Il cinema naturalmente si avventò sul personaggio. Il primo titolo Tarzan of the Apes, è del 1918, muto naturalmente, l'attore si chiamava Elmo Lincoln. Seguirono altri sette "muti" con altri interpreti finché nel 1932 la Metro decise di investire, di alzare al massimo il profilo e scovò l'uomo giusto, Johnny Weissmuller, un eroe vero, non della fiction. Nato in Romania nel 1904, un anno dopo era già americano. Divenne il più grande nuotatore della sua epoca, e non solo, 5 medaglie d'oro e 67 record del mondo. Era aitante e bellissimo, biondo e iridi azzurre, leader delle copertine dei magazine. Fece un provino, naturalmente nuotò meglio di quanto recitasse, ma venne assunto. E poi sapeva lanciare quell'urlo ultraumano, diventato il "grido-campione" del Novecento. Fece dodici film, fece incassare milioni alla produzione. "Rimase" lui il vero Tarzan, a fronte delle decine di modelli che si alternarono. Nomi da rilevare sono quelli di Lex Barker e Gordon Douglas. Weissmuller sta a Tarzan come Connery sta a Bond. Lì in alto, inamovibili. Fra i molti film girati alcuni titoli e nomi è legittimo citarli, per qualità ed evoluzione. Come Miles O'Keeffe, superbello, palestrato, omologo di Bo Derek che faceva Jane, il titolo era Tarzan l'uomo scimmia, del 1981. Christopher Lambert nel 1984 fece dell'eroe un carattere più evoluto in Greystoke la leggenda.

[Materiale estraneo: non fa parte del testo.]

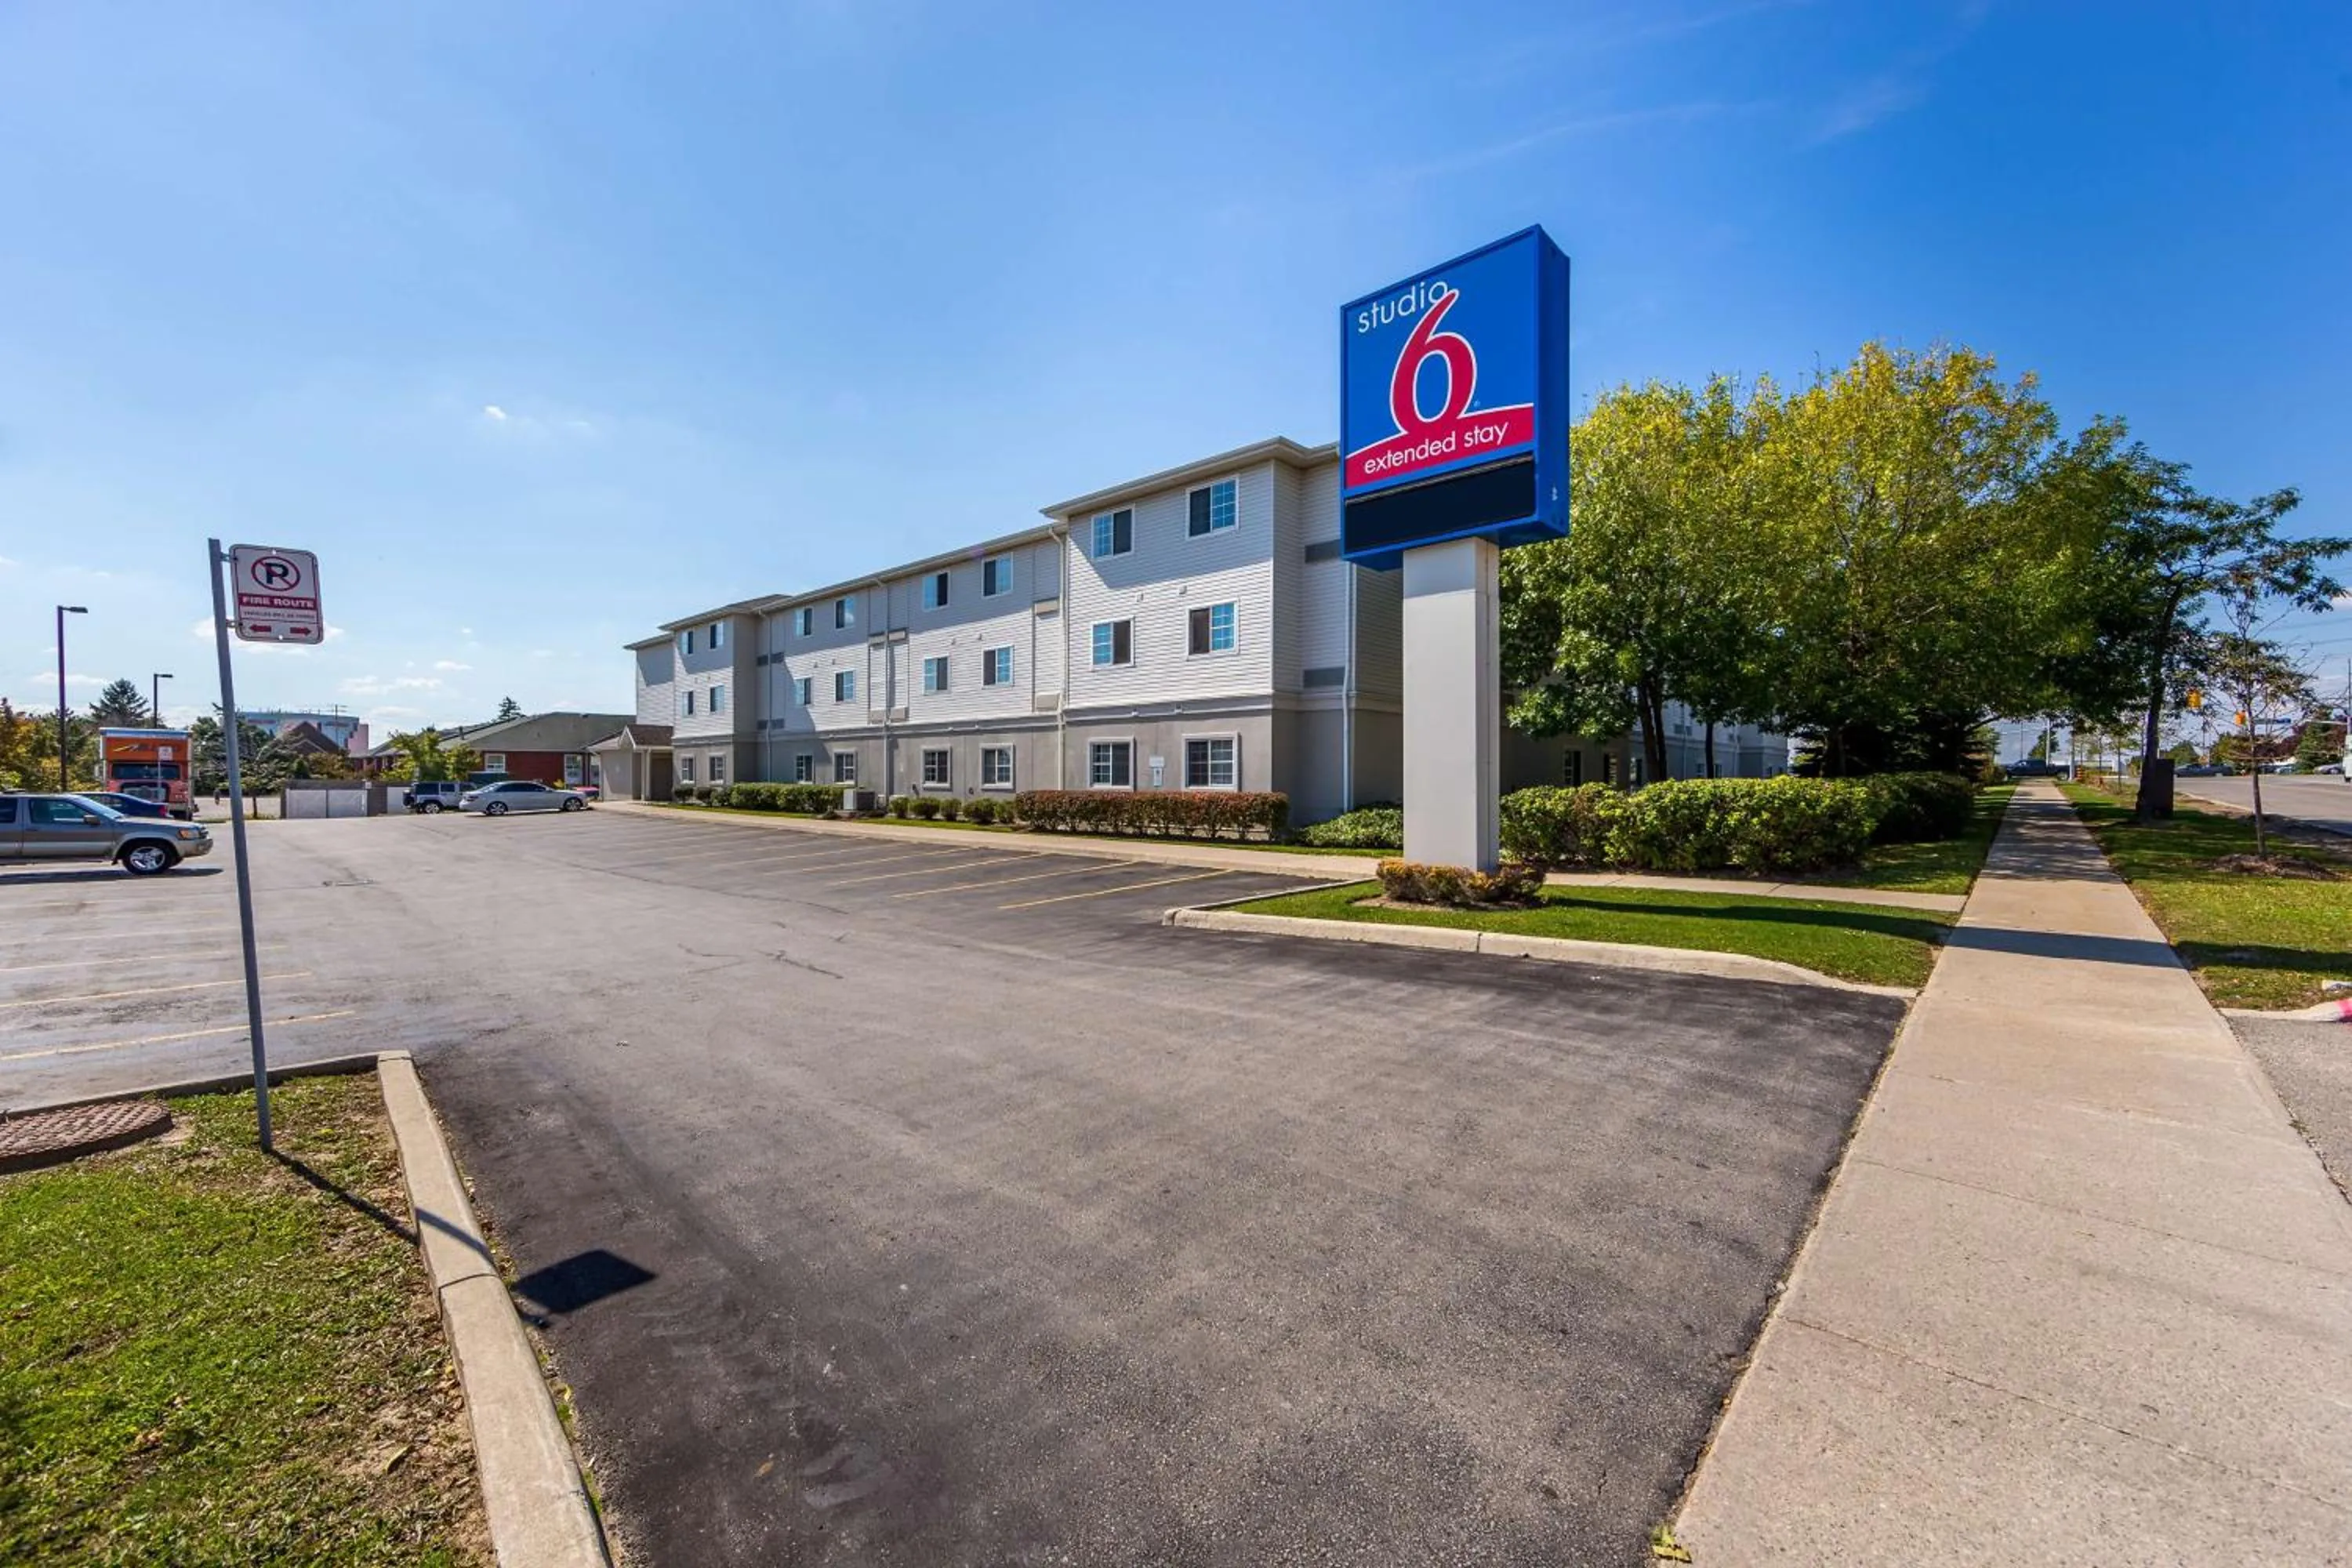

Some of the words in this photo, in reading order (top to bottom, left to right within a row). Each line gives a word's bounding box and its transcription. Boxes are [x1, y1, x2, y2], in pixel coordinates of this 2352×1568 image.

Dove Tarzan viene riportato, riluttante, in Inghilterra, ma resiste pochissimo. Torna nell'eden.

Ambito
Nell'ambito generale del personaggio altri nomi non possono non essere fatti: Hal Foster, che disegnò un fumetto storico nel 1929, fino all'altra "penna" Joe Kubert, morto pochi mesi fa. E poi naturalmente le ispirazioni, migliaia. Da noi un riferimento indispensabile è Totò, che nel 1951, per la regia di Mattoli, fece Totòtarzan. Viveva nella giungla, non a torso nudo ma con una pelle di leopardo, ereditava miliardi, sfuggiva ai criminali e finiva felice con la sua Jane. E poi non poteva mancare Disney, naturalmente. Quell'iconografia rimanda un Pippotarzan aggrappato una liana con una fionda che gli pende dai fianchi, e naturalmente Il Tarzan e Jane, il lungometraggio di animazione della Walt Disney Picture del 2002. E altre migliaia di immagini, ferme e in movimento. Cinema e televisione. Nessuno, come Tarzan.

A Milano, al Wow Museo del fumetto, in viale Campagna 12, da oggi sabato, fino al 23 settembre è aperta la mostra "L'urlo di Tarzan". A celebrare i cento anni del mito. Saranno in mostra tavole, copertine, disegni firmati da grandi maestri del fumetto.